As with other organizational departments, the maintenance department should be staffed by people with a variety of talents. The nature of the job tasks dictates the required levels of skill staff members must possess to perform the work. For example, facilities with large central heating plants may require stationary operating engineers, and industrial facilities with large centrifugal chillers requiring a compressor teardown to inspect bearings every five years require a different level of skilled maintenance than a facility served by a single residential-style furnace or small packaged rooftop unit. Factors to consider when defining needed skill sets include the complexity and criticality of the equipment and systems to be maintained, the rigor of the maintenance program, the actual maintenance tasks that must be performed, and whether any special skills or certifications are required to perform them.

In addition to tradespeople and regardless of facility size, equipment type, or system complexity, there are certain roles that every operation and maintenance department needs to fulfill. In large organizations, the roles may be discrete; in small organizations, individual staff members may need to take on multiple responsibilities. Exact titles vary depending on the preference of the defining organization, but the essential functions, adapted from Dillenbeck and Sheppard (2018), include operators, specialists, planners, project leaders and department heads.
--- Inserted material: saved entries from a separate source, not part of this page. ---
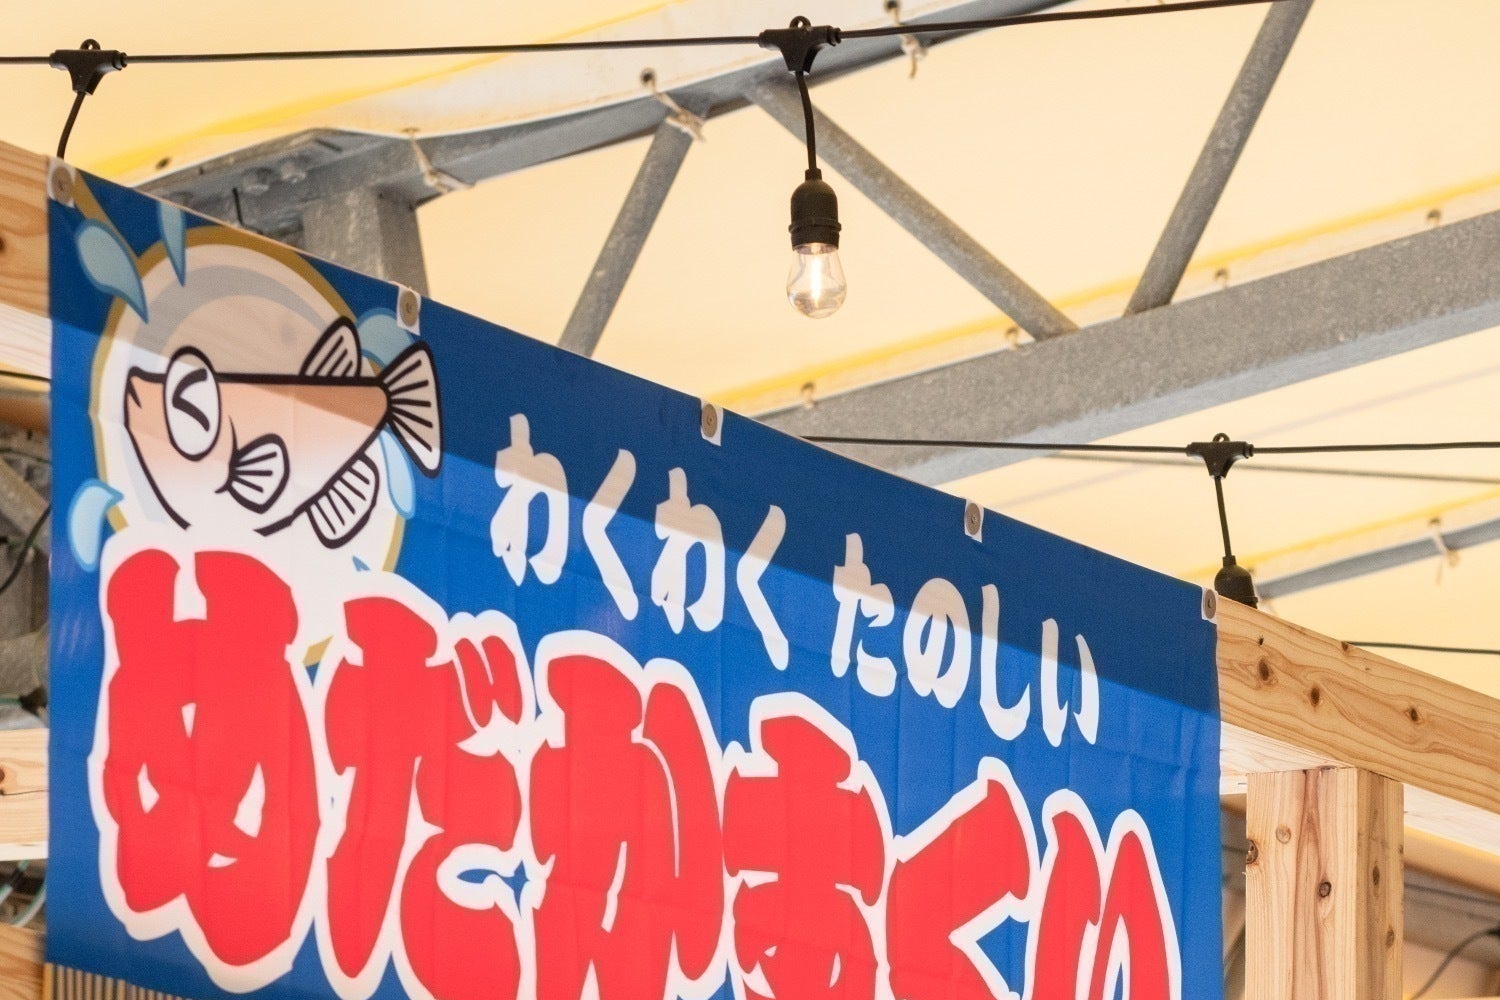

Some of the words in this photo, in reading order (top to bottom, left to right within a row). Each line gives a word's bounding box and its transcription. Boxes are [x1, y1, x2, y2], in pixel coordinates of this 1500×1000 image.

[489, 412, 788, 671] わくわく
[831, 532, 1099, 747] たのしい
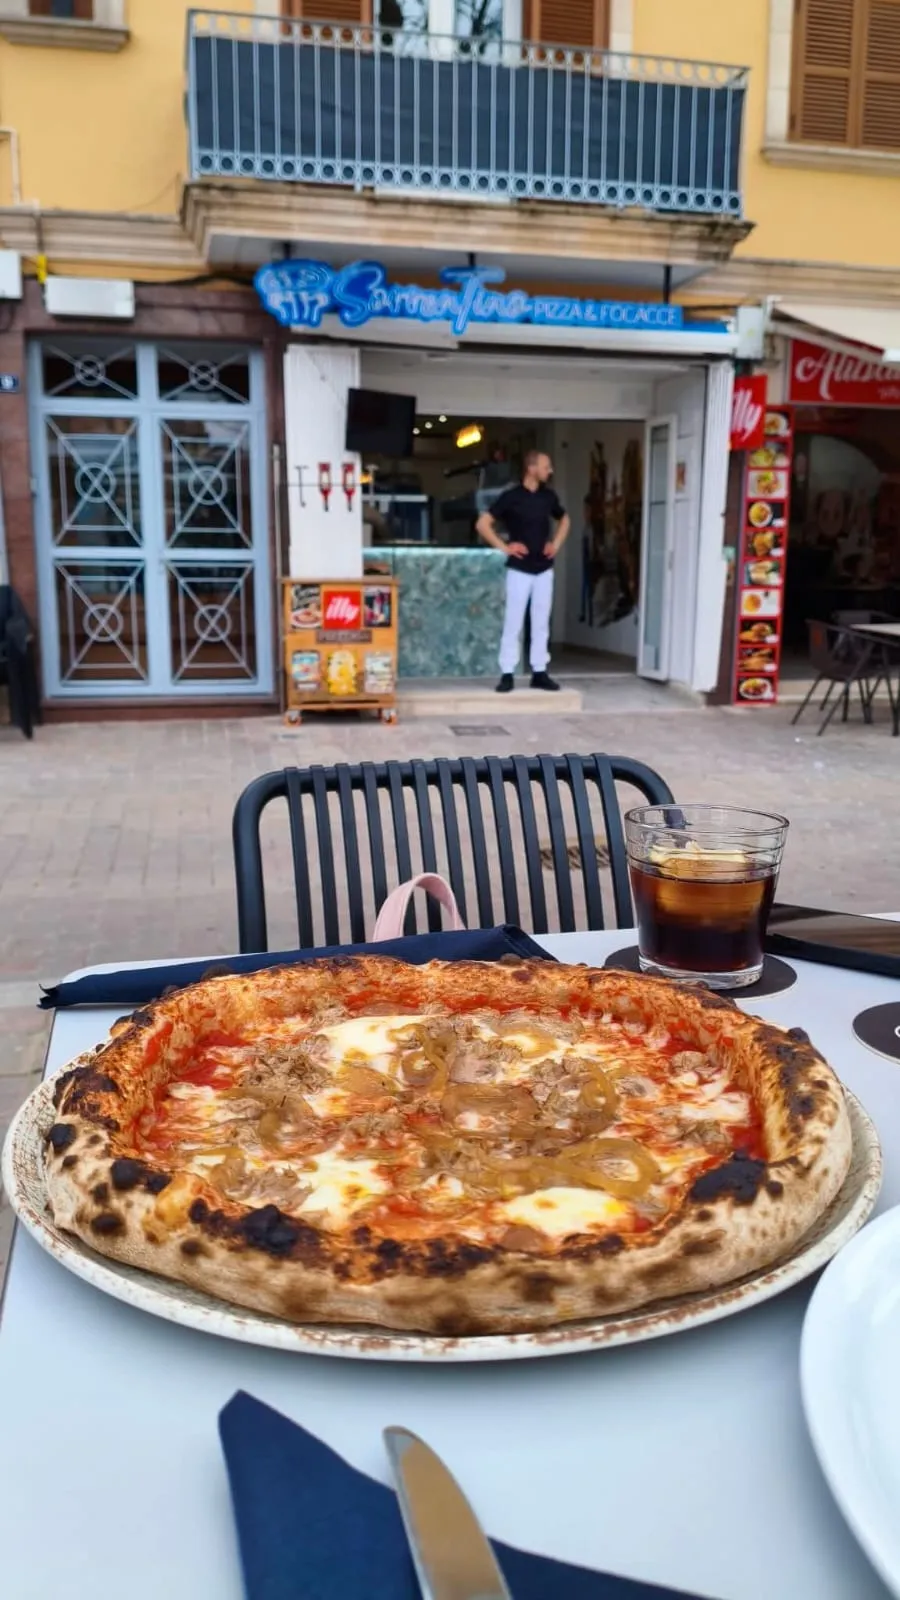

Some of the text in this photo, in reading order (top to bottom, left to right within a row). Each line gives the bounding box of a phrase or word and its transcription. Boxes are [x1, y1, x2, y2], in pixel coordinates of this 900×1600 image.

[534, 300, 582, 321] PIZZA
[584, 302, 597, 321] &
[600, 303, 676, 325] FOCACCE
[731, 388, 762, 441] lly
[326, 596, 360, 624] illy
Table 3 provides a summary of each role.

Training

To be effective and efficient, operation and maintenance management staff must have both technical and managerial skills. Managerial skills include providing direction, guidance, correction, and coaching to the personnel who operate and maintain the facility. Facility management responsibilities may include developing operation and maintenance strategies; determining program goals and objectives; and administering contracts with tenants, service providers, and labor unions. Even when specialized contract maintenance companies provide certain services, the facility manager needs to be skilled in these areas to be a smart consumer of services.

Technical skills include the ability to understand how mechanical and electrical systems operate and how equipment maintenance is performed, as well as the analytical problem solving expertise of a physical plant engineer. Additionally, because the interest in sustainable, high-performance buildings continues to grow, it is also suggested that staff be trained in how to recommission and/or retrocommission systems. Doing so will help ensure continued efficient system operation, minimal operation and maintenance costs, and occupant satisfaction.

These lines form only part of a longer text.